EXERCISE AIM: Exact transcription of the following records is needed, with every picture dropped.

(Records from a data source)

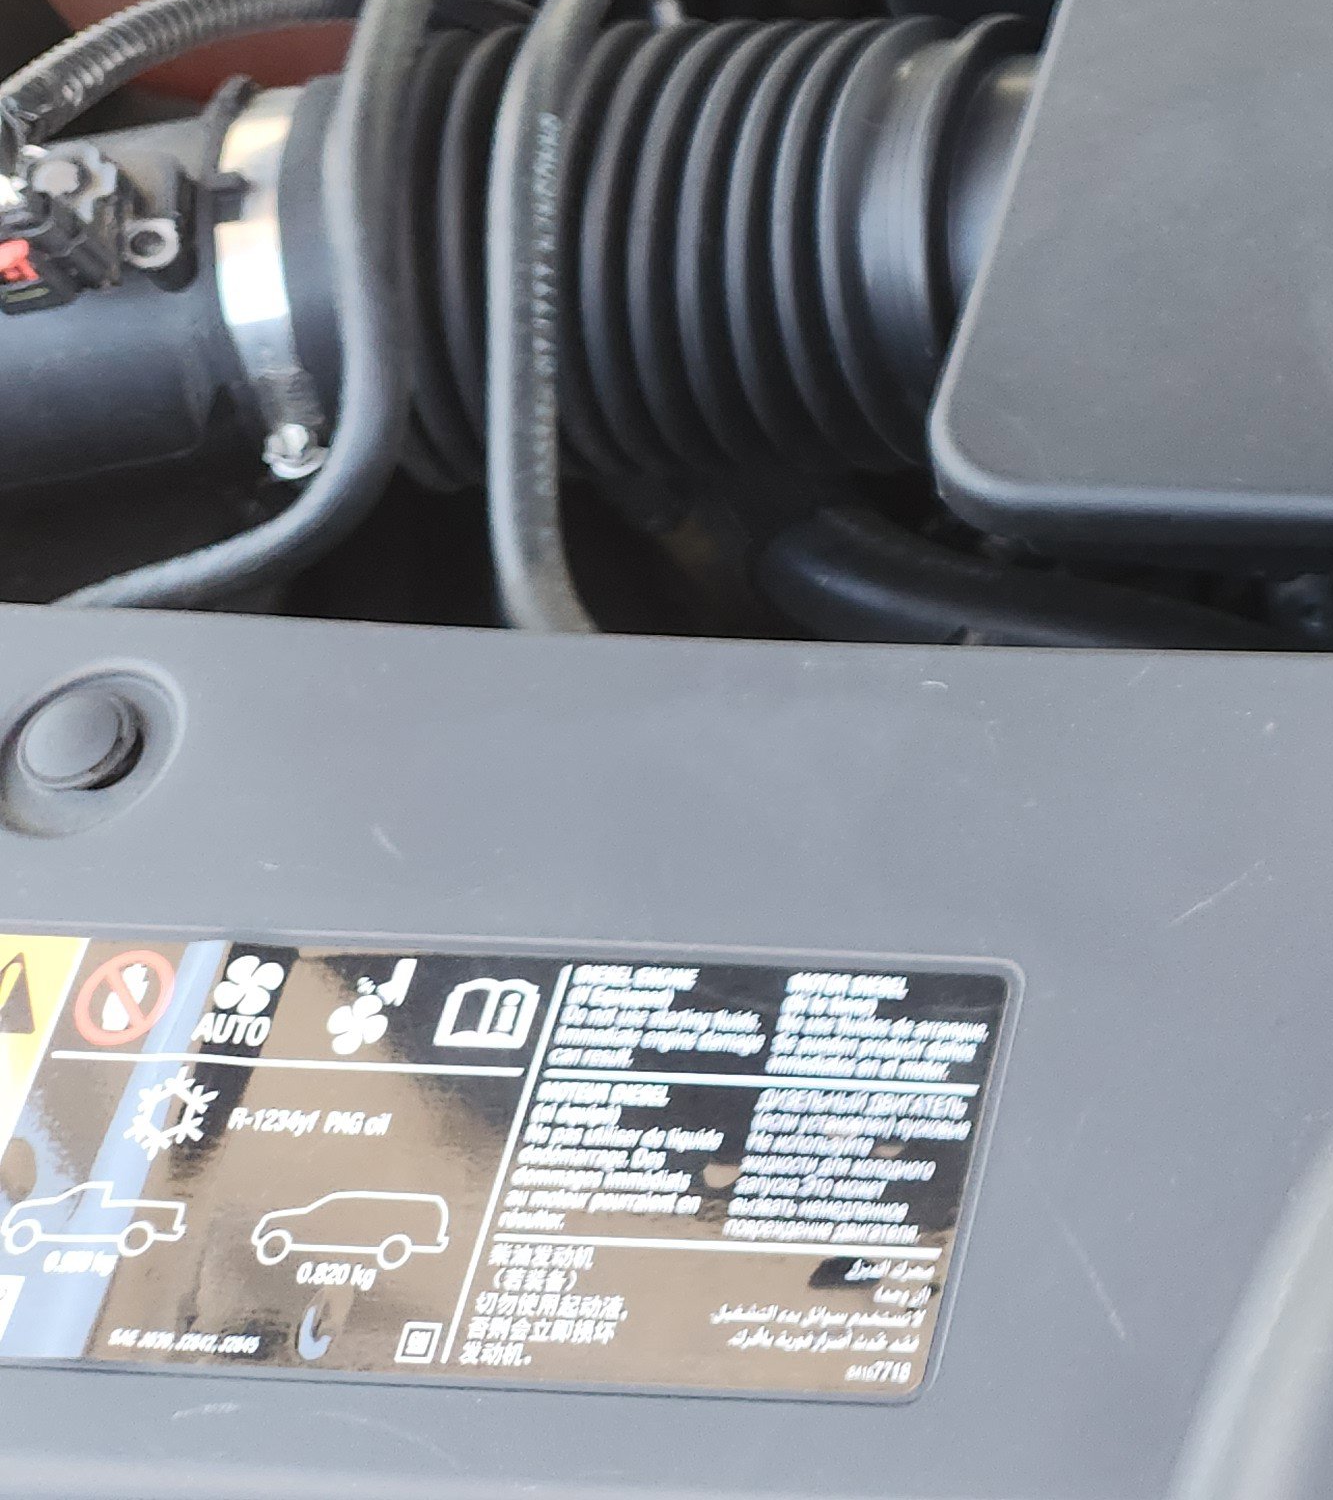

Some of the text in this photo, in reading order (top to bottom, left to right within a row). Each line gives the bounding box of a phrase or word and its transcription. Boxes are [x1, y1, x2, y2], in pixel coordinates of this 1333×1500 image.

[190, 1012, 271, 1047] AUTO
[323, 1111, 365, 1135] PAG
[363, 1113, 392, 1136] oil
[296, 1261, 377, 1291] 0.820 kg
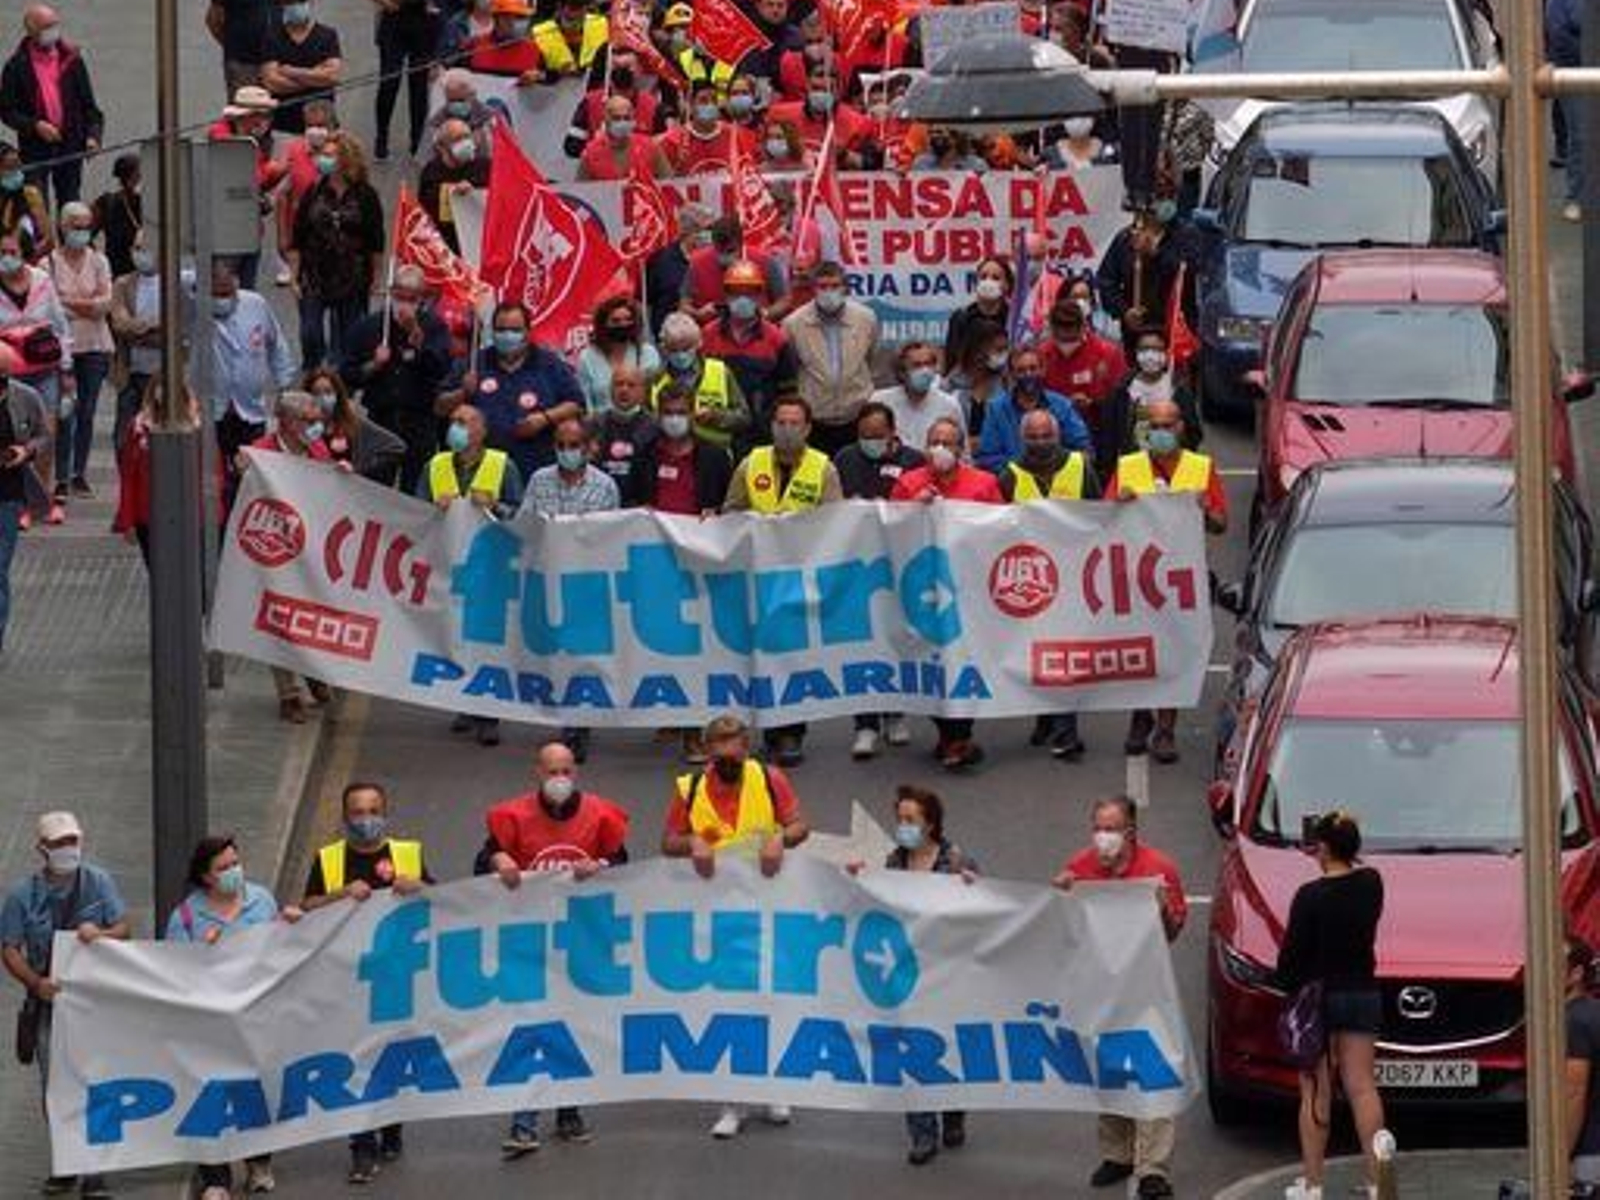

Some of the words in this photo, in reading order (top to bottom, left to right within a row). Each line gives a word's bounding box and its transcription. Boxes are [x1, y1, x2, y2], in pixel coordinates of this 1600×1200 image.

SOLUTION FOR THIS EXERCISE:
Some of the text in this photo, in reading order (top to bottom, left to right within a row). Each line gives the bounding box of a phrase or word and its transcription. Boxes are [x1, y1, x2, y2], in pixel coordinates of this 1333×1500 image.

[190, 1012, 271, 1047] AUTO
[323, 1111, 365, 1135] PAG
[363, 1113, 392, 1136] oil
[296, 1261, 377, 1291] 0.820 kg

Some of the words in this photo, in reading order (top to bottom, left to right within a row). Each line gives a word's bounding box and its transcription. Boxes are [x1, y1, x2, y2], in pixel coordinates of this 1600×1200 image.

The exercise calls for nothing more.